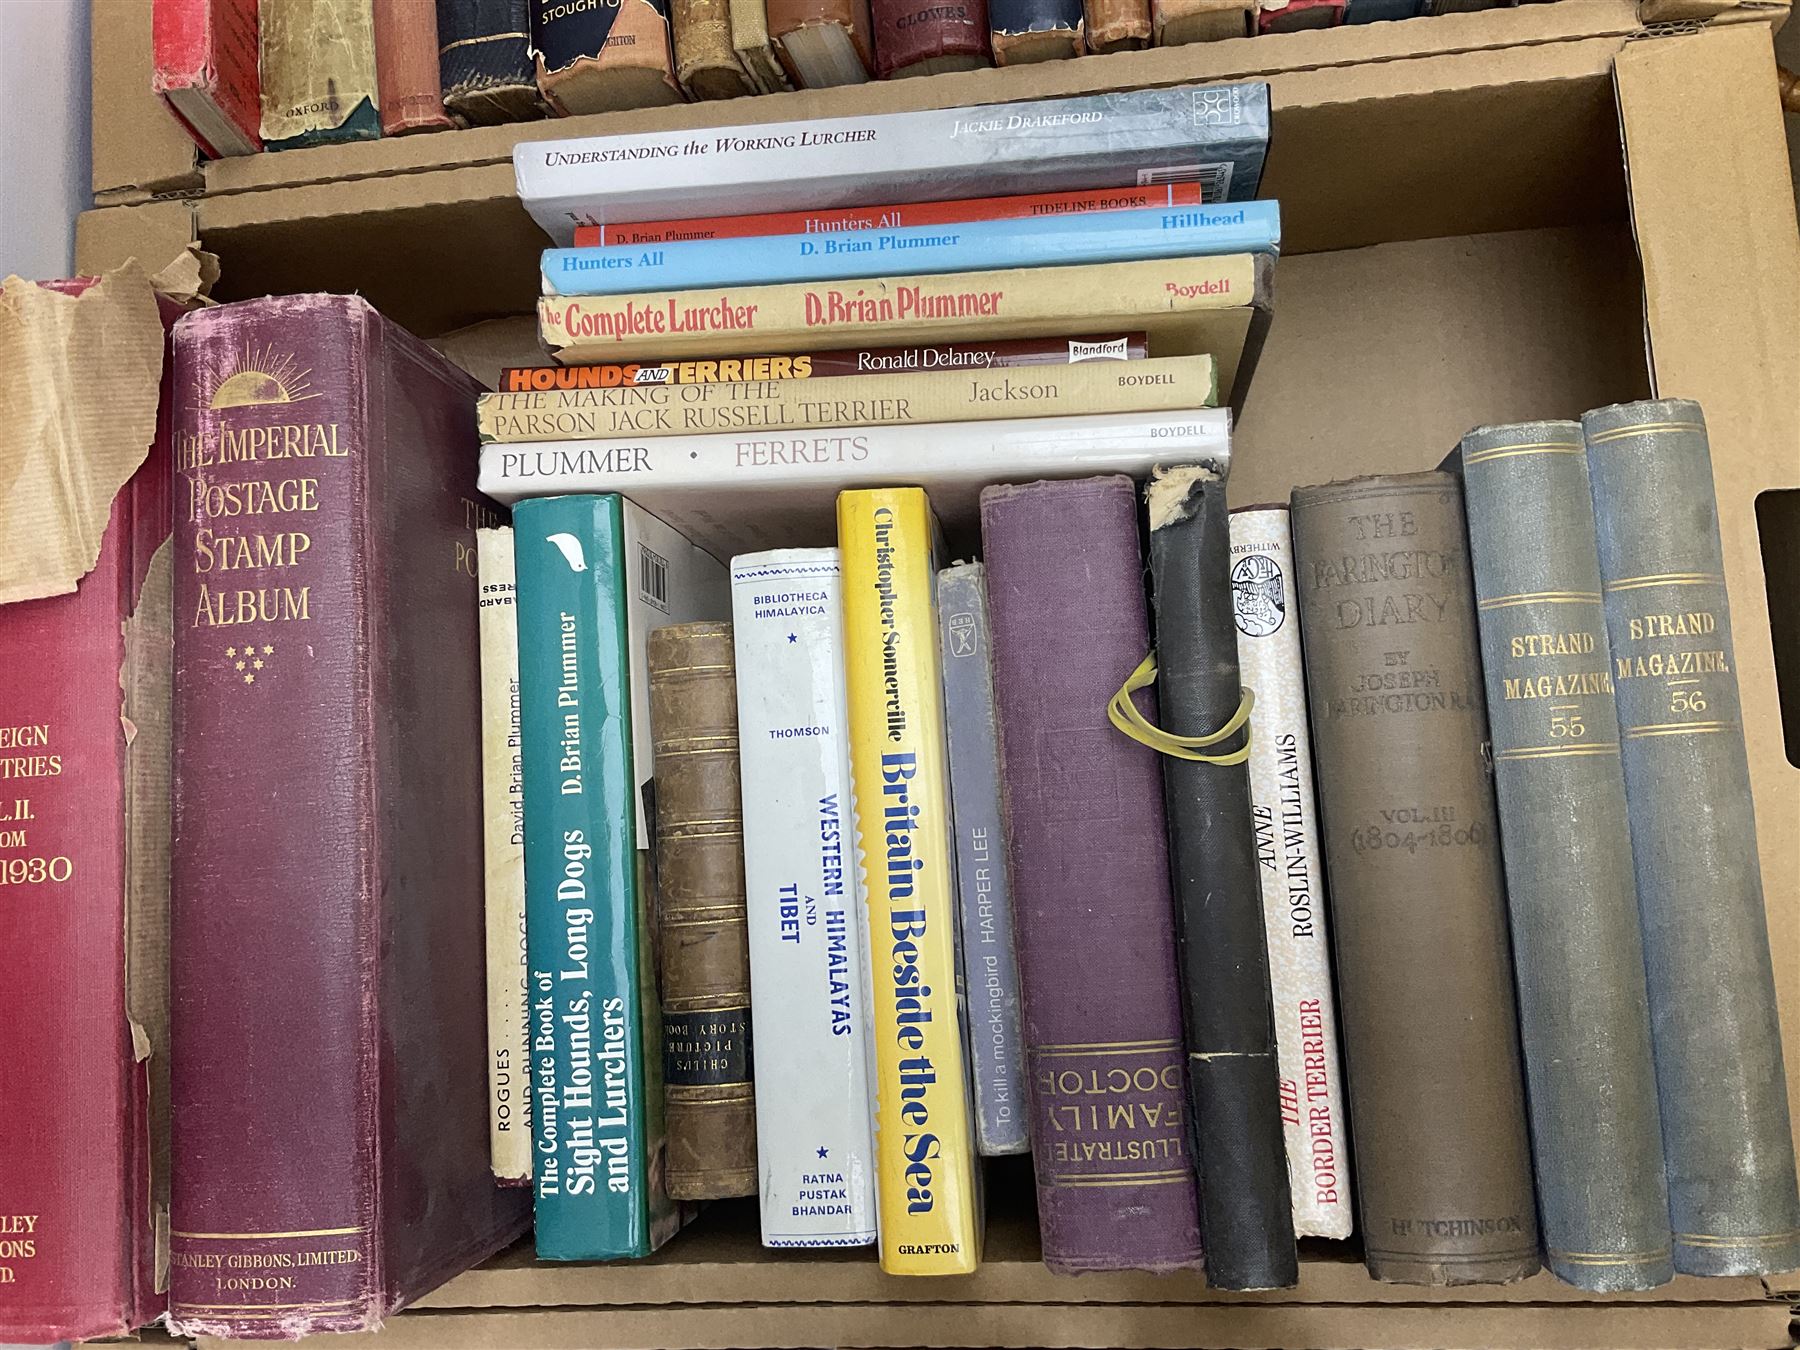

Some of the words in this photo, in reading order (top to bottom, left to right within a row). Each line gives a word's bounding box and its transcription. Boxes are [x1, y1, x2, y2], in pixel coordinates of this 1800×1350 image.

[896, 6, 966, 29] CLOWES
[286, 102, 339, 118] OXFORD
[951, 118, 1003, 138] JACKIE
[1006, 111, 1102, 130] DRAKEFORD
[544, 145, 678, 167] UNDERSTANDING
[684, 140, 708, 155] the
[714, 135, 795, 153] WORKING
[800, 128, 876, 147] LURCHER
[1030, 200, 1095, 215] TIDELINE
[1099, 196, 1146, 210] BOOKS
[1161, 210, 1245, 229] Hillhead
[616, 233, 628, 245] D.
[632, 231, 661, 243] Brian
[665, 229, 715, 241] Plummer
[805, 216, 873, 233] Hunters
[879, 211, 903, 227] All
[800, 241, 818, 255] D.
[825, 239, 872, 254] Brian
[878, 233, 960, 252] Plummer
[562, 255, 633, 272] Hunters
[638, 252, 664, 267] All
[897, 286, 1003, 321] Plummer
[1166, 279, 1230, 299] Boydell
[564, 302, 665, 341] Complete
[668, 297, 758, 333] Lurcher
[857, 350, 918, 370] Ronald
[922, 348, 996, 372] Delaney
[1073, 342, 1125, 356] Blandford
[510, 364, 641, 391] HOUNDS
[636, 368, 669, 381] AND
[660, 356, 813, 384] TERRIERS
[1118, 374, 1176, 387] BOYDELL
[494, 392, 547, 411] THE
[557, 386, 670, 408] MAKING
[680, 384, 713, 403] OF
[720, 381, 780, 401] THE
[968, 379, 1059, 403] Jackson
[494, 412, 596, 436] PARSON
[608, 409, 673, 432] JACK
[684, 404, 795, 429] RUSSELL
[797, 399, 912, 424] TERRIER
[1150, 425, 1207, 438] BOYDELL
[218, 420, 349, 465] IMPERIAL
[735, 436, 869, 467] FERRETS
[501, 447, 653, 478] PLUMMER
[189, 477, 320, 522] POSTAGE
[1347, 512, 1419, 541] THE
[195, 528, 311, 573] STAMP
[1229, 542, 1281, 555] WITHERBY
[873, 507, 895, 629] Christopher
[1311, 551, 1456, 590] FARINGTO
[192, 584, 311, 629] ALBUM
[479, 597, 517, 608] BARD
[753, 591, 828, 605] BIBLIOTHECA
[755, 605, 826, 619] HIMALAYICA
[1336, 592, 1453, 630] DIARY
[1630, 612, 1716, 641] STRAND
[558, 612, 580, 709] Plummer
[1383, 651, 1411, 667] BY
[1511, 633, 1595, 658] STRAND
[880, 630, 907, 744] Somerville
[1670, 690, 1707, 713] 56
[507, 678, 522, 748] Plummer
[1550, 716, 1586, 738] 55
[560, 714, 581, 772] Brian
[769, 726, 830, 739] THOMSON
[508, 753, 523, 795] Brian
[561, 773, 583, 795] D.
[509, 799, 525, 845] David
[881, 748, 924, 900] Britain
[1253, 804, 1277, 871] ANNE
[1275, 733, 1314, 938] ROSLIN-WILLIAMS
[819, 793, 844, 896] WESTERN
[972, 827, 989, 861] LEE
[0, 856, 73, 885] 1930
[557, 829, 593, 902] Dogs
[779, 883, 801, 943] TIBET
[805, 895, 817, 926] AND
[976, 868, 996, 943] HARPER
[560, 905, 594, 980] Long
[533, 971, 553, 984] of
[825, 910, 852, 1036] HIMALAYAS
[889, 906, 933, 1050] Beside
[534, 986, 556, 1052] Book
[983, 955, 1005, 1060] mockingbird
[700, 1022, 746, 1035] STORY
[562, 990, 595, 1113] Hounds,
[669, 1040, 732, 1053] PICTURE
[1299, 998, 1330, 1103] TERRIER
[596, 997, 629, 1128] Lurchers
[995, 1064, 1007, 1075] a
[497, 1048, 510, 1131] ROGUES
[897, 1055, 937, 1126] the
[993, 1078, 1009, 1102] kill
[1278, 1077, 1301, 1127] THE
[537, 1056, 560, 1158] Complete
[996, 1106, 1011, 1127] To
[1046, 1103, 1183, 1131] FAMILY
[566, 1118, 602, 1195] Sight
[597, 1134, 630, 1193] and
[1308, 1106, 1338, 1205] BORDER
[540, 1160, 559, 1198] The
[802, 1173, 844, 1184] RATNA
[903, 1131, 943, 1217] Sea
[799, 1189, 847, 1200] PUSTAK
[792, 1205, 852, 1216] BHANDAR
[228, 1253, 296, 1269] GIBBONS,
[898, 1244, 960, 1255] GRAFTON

════════════════════

Lines in the listing above that contain the word "STRAND" must be copied; leave out the rest.

[1630, 612, 1716, 641] STRAND
[1511, 633, 1595, 658] STRAND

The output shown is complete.